HADLEY - Home Depot has rejected a request that it tone down its trademark orange sign in favor of the town's preferred palette of historic colors, saying those hues aren't ''manly'' enough.

In a discussion last week about signs for the planned Route 9 store, Planning Board Chairman James Maksimoski told Home Depot representatives that clementine, an orange-ish color used during the Victorian Era, is close enough to the home improvement store's usual orange.

''The color palette and appearance should not be varied from the zoning bylaw,'' Maksimoski argued before the Zoning Board of Appeals.

But in the end, the zoning board decided the town - even armed with its new sign regulations - couldn't force a company to change its logo. The board also agreed to allow the retailer to use larger-than-usual signs, and to allow them to be illuminated from inside.

Recent sign bylaw revisions require signs to be made from a wood or wood-like substance, be externally illuminated and have colors selected from the Historic Colors of America palette. This palette, created in conjunction with Historic New England, offers a range of 149 colors used in the 18th and 19th centuries, including clementine.

Chris Gerard, a senior associate with Greenberg Farrow Architecture of Boston, however, argued that the closest color on the palette was not a close enough match and might dissuade men from shopping at the store.

Ellen Freyman, a lawyer with the Springfield law firm of Shatz, Schwartz and Fentin, said Home Depot has a trademark logo that is protected and cannot use another color.

On the size issue, Freyman told the zoning board that the signs, which would total 375 square feet, are not excessive.

''It's adequate, it's suitable, it's not overly large,'' Freyman said.

As a compromise, the store agreed to reduce the nearly 500-square-foot sign attached to the building to 294 square feet, with the remaining signs totaling an additional 81 square feet.

Maksimoski said he could understand the need to have larger letters on the building so Home Depot's sign can be read from the road. Home Depot is going to be built as part of the larger 323,00-square-foot Hadley Corner project at the corner of Route 9 and North Maple Street.

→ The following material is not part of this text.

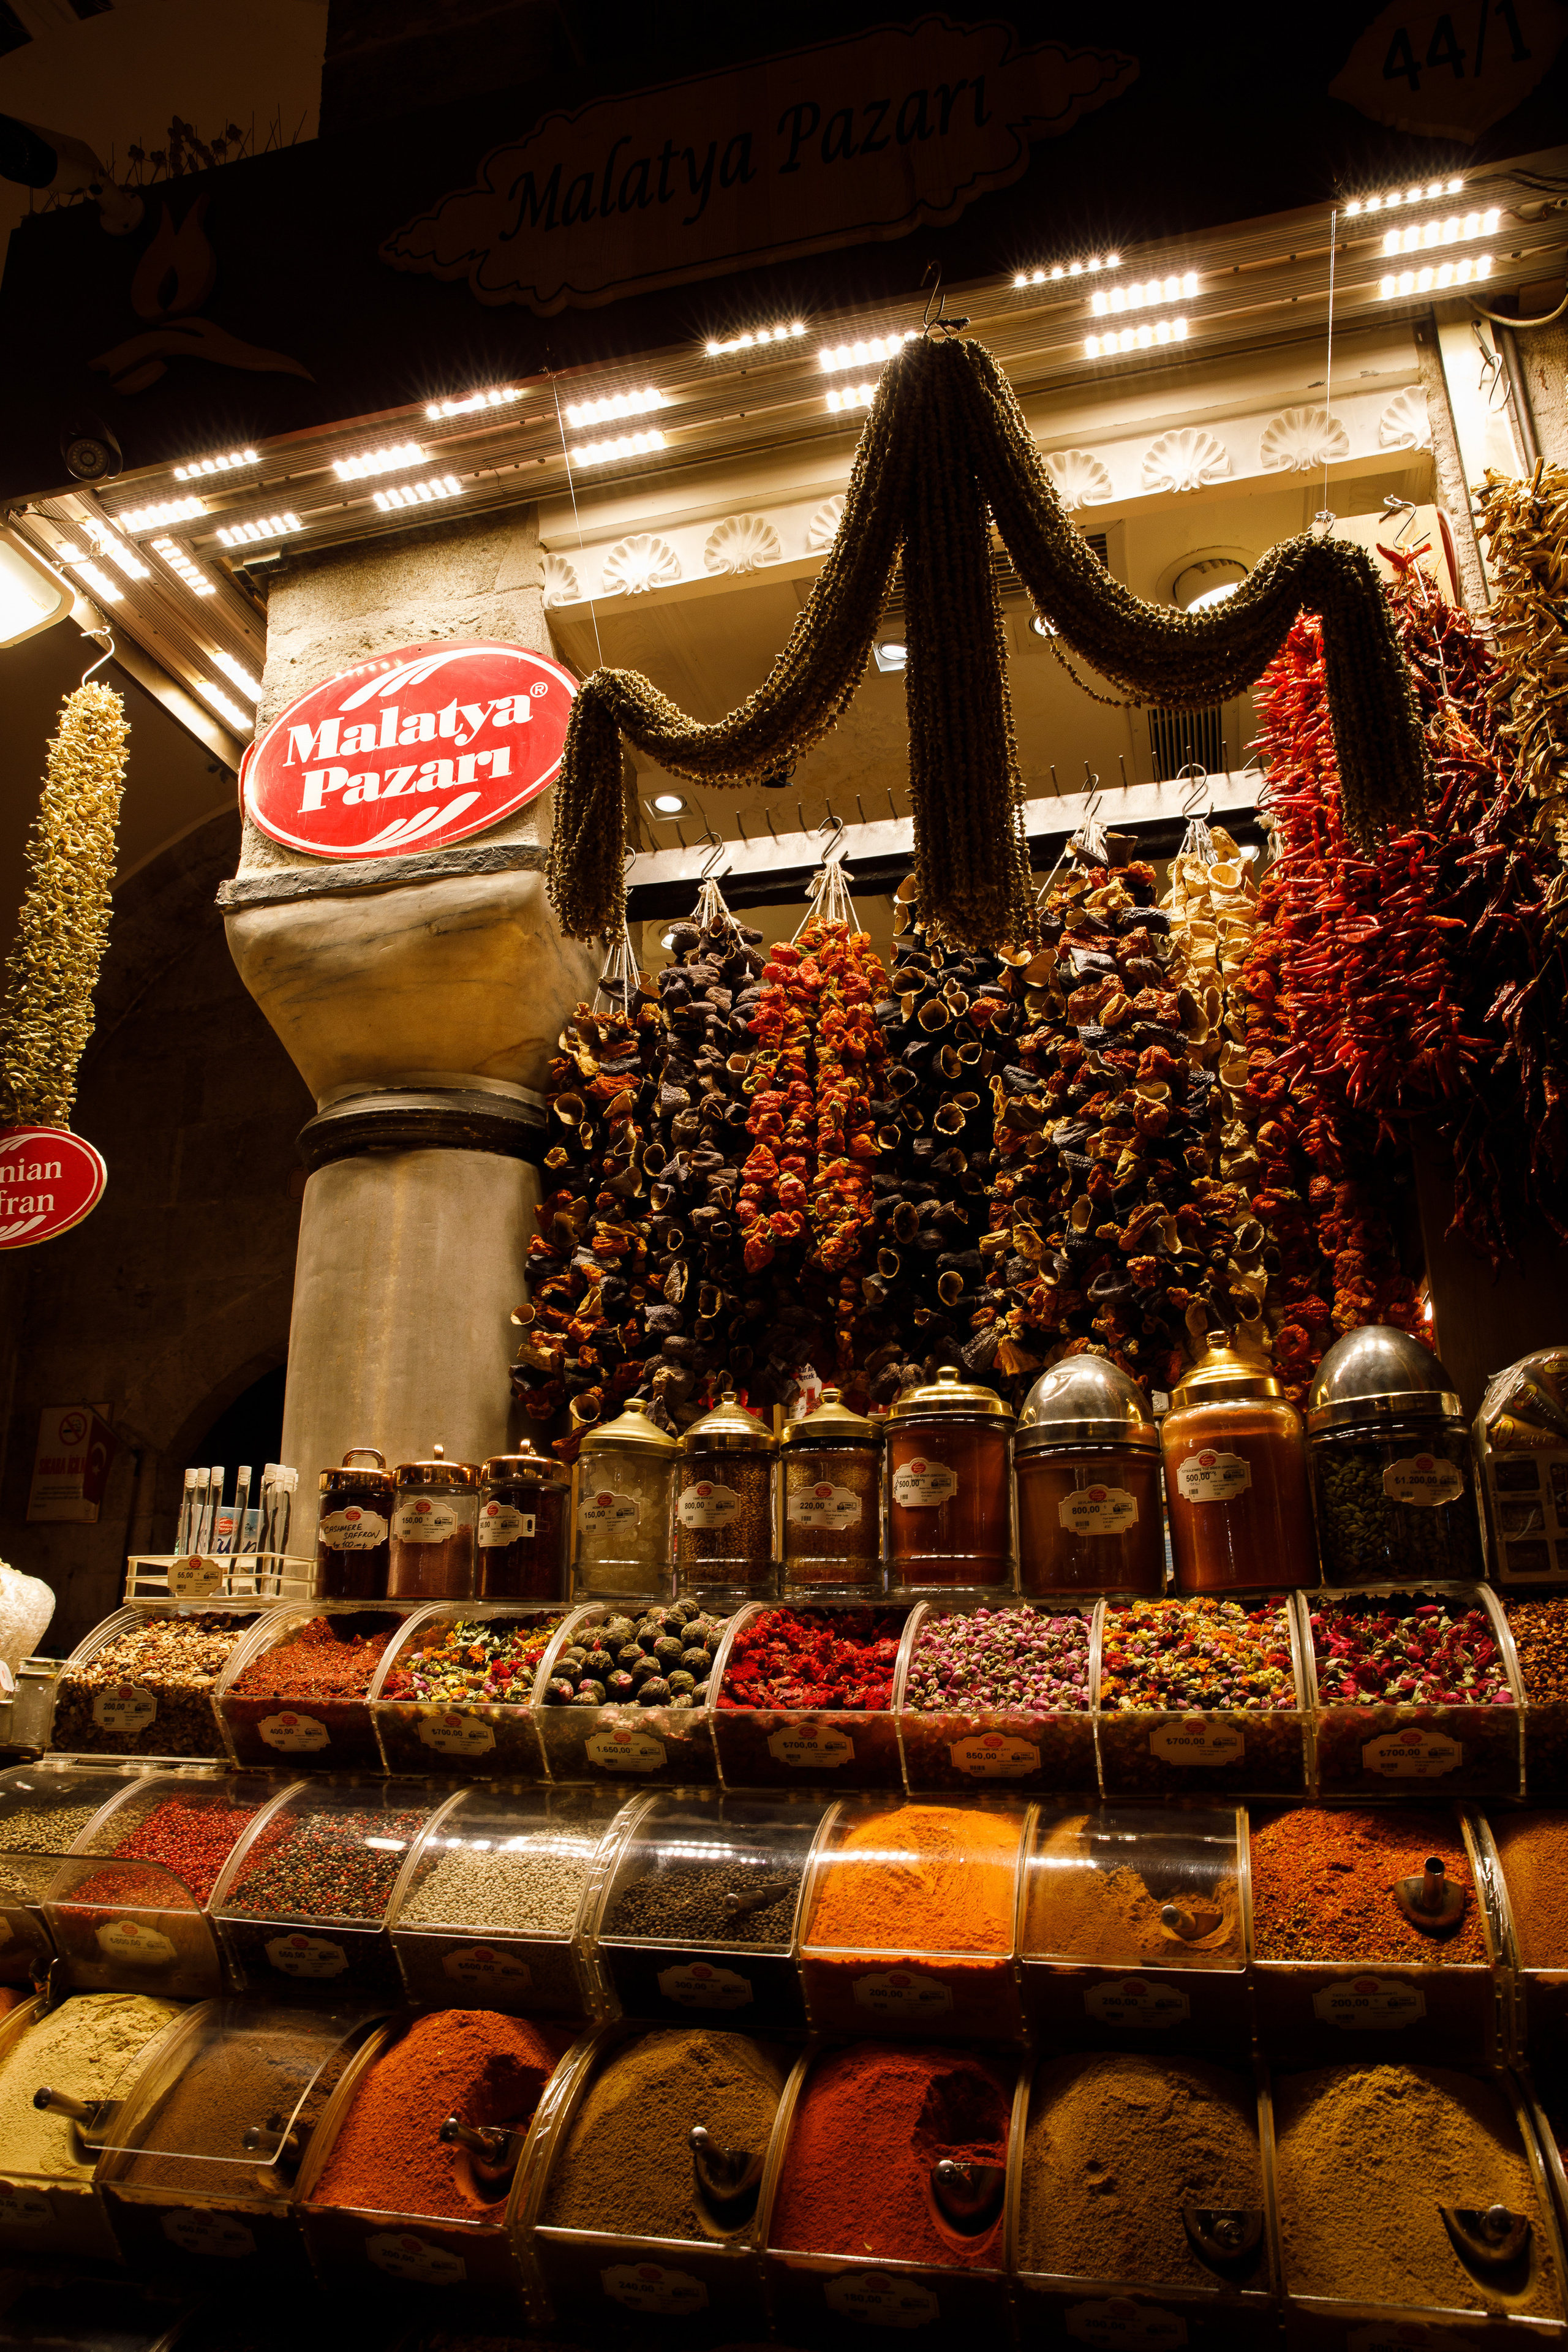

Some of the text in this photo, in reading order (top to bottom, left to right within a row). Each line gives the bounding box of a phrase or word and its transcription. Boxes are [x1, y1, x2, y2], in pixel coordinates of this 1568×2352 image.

Initially, zoning board Chairman John Kokoski said he wasn't sure his board could make exceptions to the sign bylaw through variances, and it might be best to protect the integrity of the recent revisions.

''I think we should start somewhere, and I think we should start now,'' Kokoski said.

But Freyman convinced the zoning board that Home Depot would be at a competitive disadvantage to other national retailers on Route 9 that came before the sign bylaw changed.